This week I discovered the Washington Trails Association (WTA). WTA organizes groups of volunteers to maintain existing trails and build new trails on public lands throughout the state. Today we worked on Taylor Mountain in the Issaquah Alps, a line of foothills that point from Seattle's Eastside into the Cascades. Most of the land on Taylor Mountain is owned by the county and is designated as a place for "passive recreation," including mountain biking, horseback riding, and, of course, hiking.
Playing in the dirt
WTA is helping to expand the trail system here. This means that WTA volunteers get to play in the mud, haul rocks around, take out aggressions on bystanding vegetation, laugh a bunch, and generally have a great time in the great outdoors. We gather at the trailhead at 8:30 (after driving for an hour toward a Mt. Rainier whose snows are tinged pink by the dawn) and work, more or less, until 2:30. A bucket of candy is passed around at 10:30, picnic lunch at noon, and breathers as often as you wish. Hard hats are in fashion (and if you join five work parties, you get a personalized one of your very own as a self-serving thank-you gift). The WTA supplies the tools—shovels, grub hoes, rakes, loppers, buckets—and once the crew leader outlines the plan, we get to work cutting brush, moving dirt, uprooting shrubs, redistributing rocks, and digging ditches. Turns out there's a lot more to building a durable, water-resistant trail than trimming a path through the underbrush.

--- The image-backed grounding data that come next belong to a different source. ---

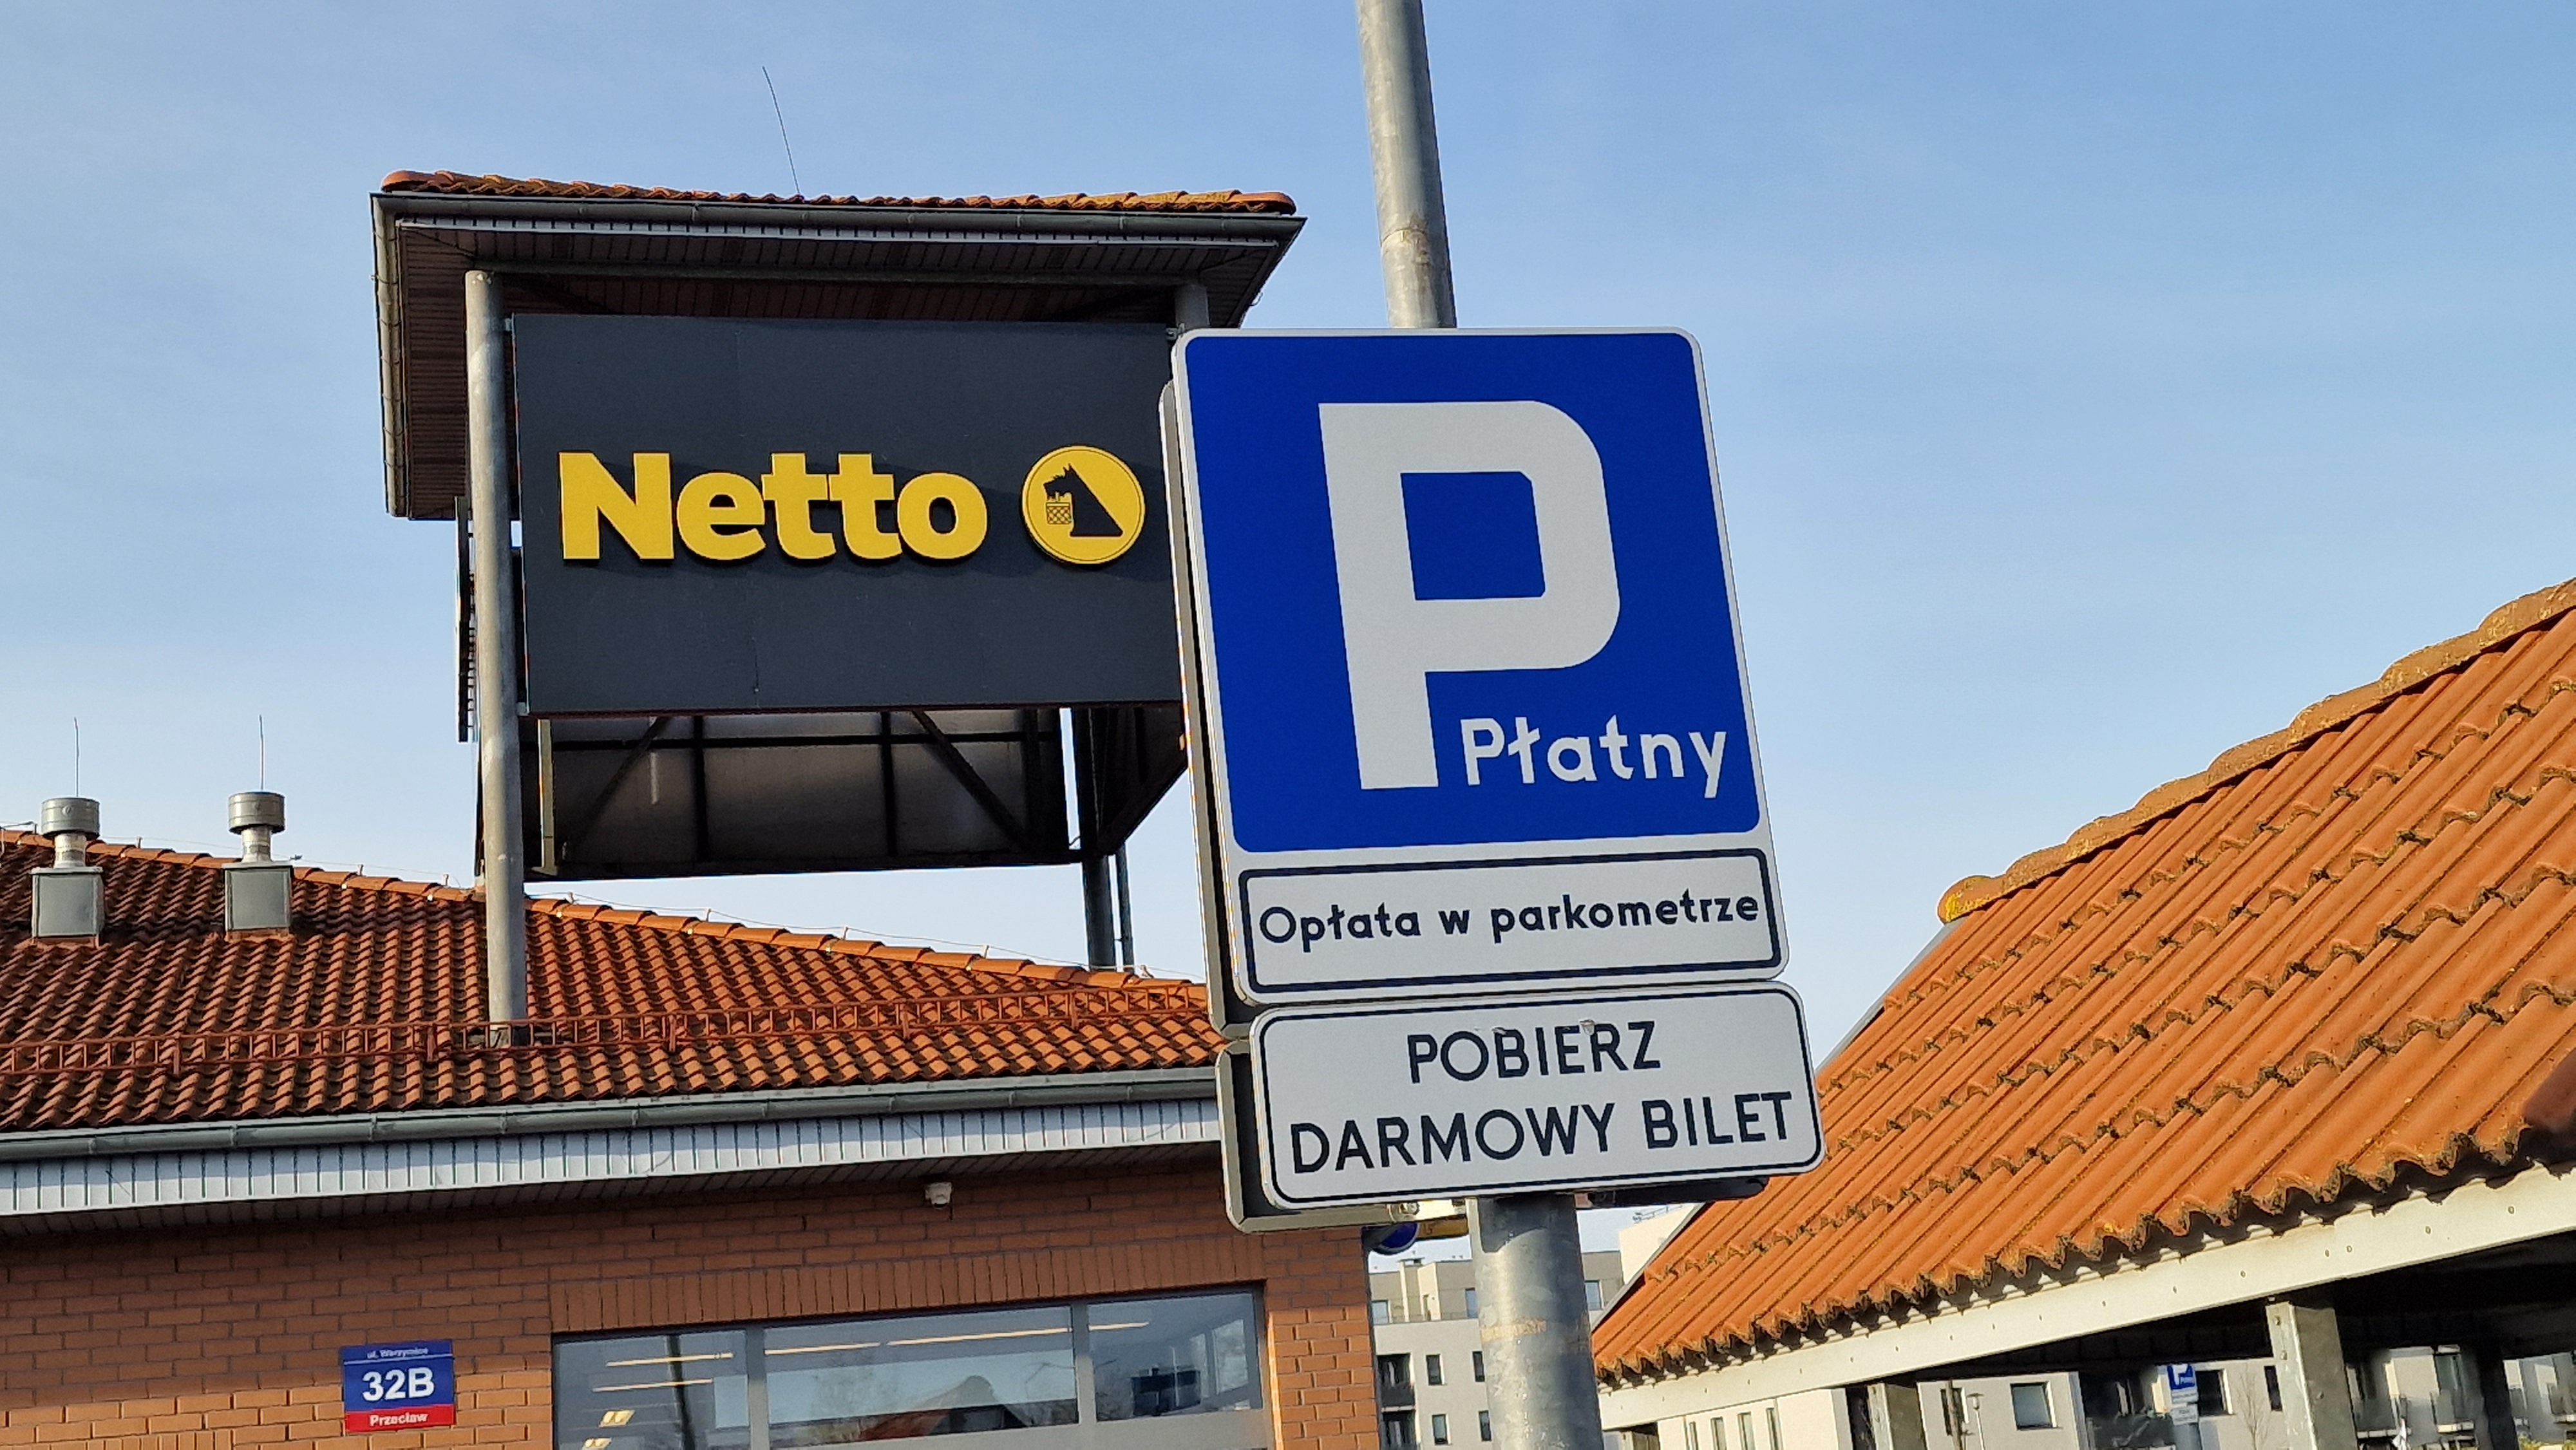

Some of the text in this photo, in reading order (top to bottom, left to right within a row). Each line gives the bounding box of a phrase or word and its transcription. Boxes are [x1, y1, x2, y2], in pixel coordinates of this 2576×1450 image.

[558, 452, 988, 560] Netto
[1318, 400, 1620, 790] P
[1461, 715, 1727, 799] Płatny
[1259, 889, 1759, 953] Opłata w parkometrze
[1407, 1021, 1662, 1084] POBIERZ
[1291, 1091, 1792, 1174] DARMOWY BILET
[362, 1366, 435, 1401] 32B
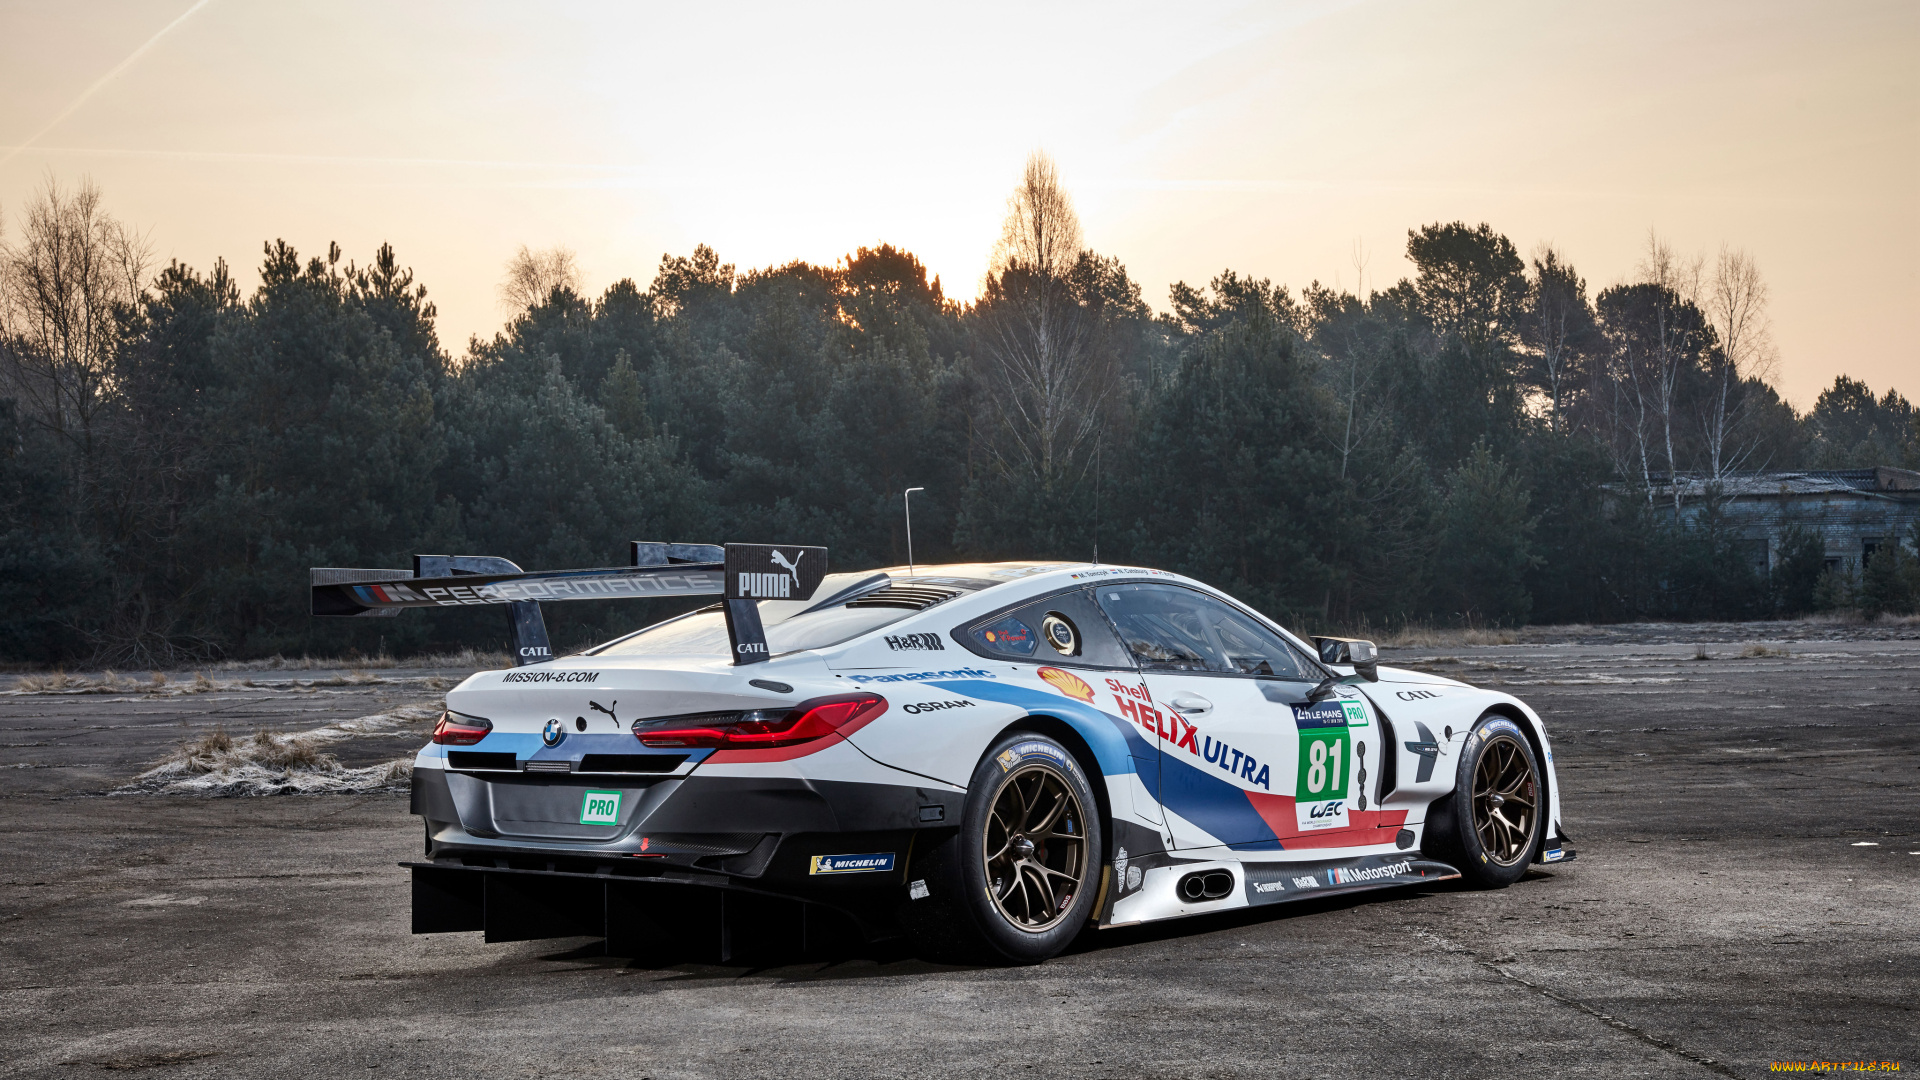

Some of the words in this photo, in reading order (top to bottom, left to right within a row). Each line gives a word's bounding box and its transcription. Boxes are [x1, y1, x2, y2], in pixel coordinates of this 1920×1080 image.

[422, 574, 717, 600] PERFORMANCE
[738, 572, 790, 598] PUMA
[519, 646, 552, 657] CATL
[737, 642, 768, 654] CATL
[883, 633, 926, 652] H&R
[502, 671, 600, 683] MISSION-8.COM
[847, 666, 997, 684] Panasonic
[1104, 678, 1150, 702] Shell
[1395, 690, 1444, 702] CATL
[902, 699, 976, 714] OSRAM
[1311, 710, 1321, 719] LE
[1321, 709, 1343, 719] MANS
[1346, 706, 1364, 720] PRO
[1111, 694, 1199, 756] HELIX
[1203, 735, 1270, 791] ULTRA
[1020, 743, 1065, 761] MICHELIN
[1307, 739, 1342, 793] 81
[587, 798, 615, 817] PRO
[1310, 801, 1343, 818] WEC
[834, 858, 887, 868] MICHELIN
[1350, 860, 1412, 882] Motorsport
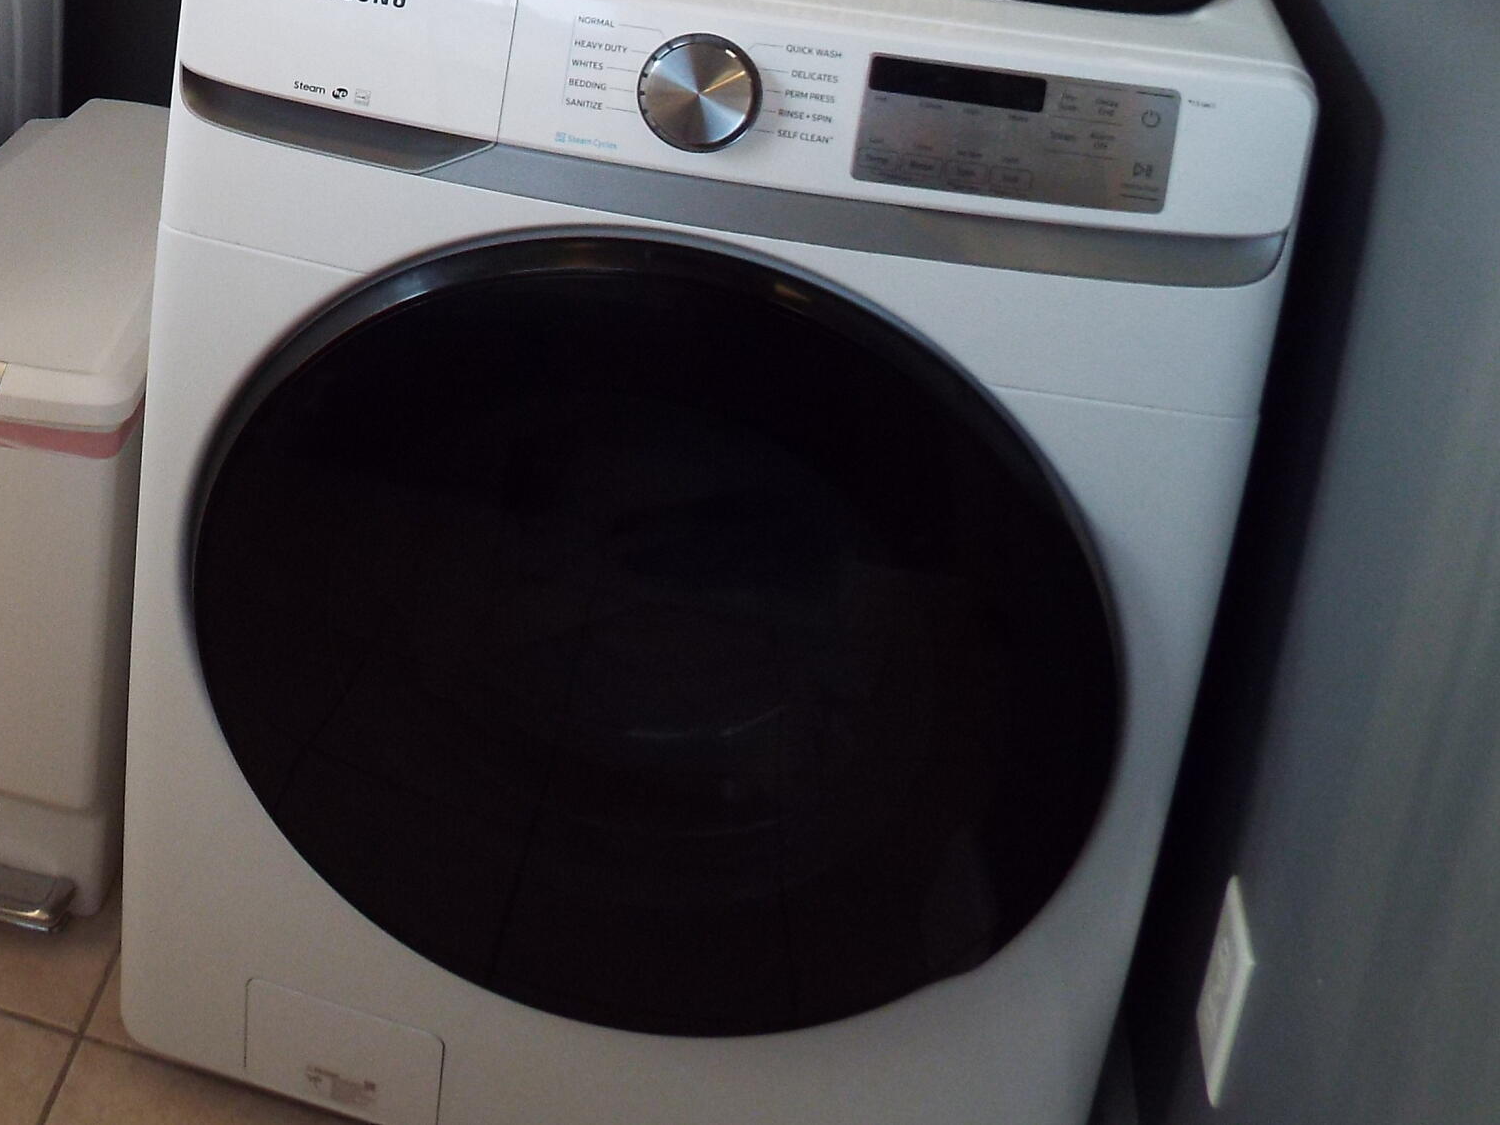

At the end of the work day, we gather in the parking area, muddy and spent but in the high spirits of those who have completed a physically demanding but deeply satisfying task. Someone produces a Coleman cooler of steaming-hot washcloths for our hands and faces, and someone else pours plastic cups of hot apple cider to go with a bin of chocolate chip cookies. On these sunny springtime days, we stand around chatting for as long as possible before returning to the real world and its rush-hour traffic.
"Boot-sucking mud-holes"
I've joined two work parties so far. On Tuesday, we began with an abandoned road whose gravel surface had turned into a mud-clogged drainage ditch. (The WTA website uses the term "boot-sucking mud-holes" to describe trails like this one in their pre–work-party state.) By afternoon, we had prodded it into a somewhat wider dirt path edged with the suggestion of a rocky gutter.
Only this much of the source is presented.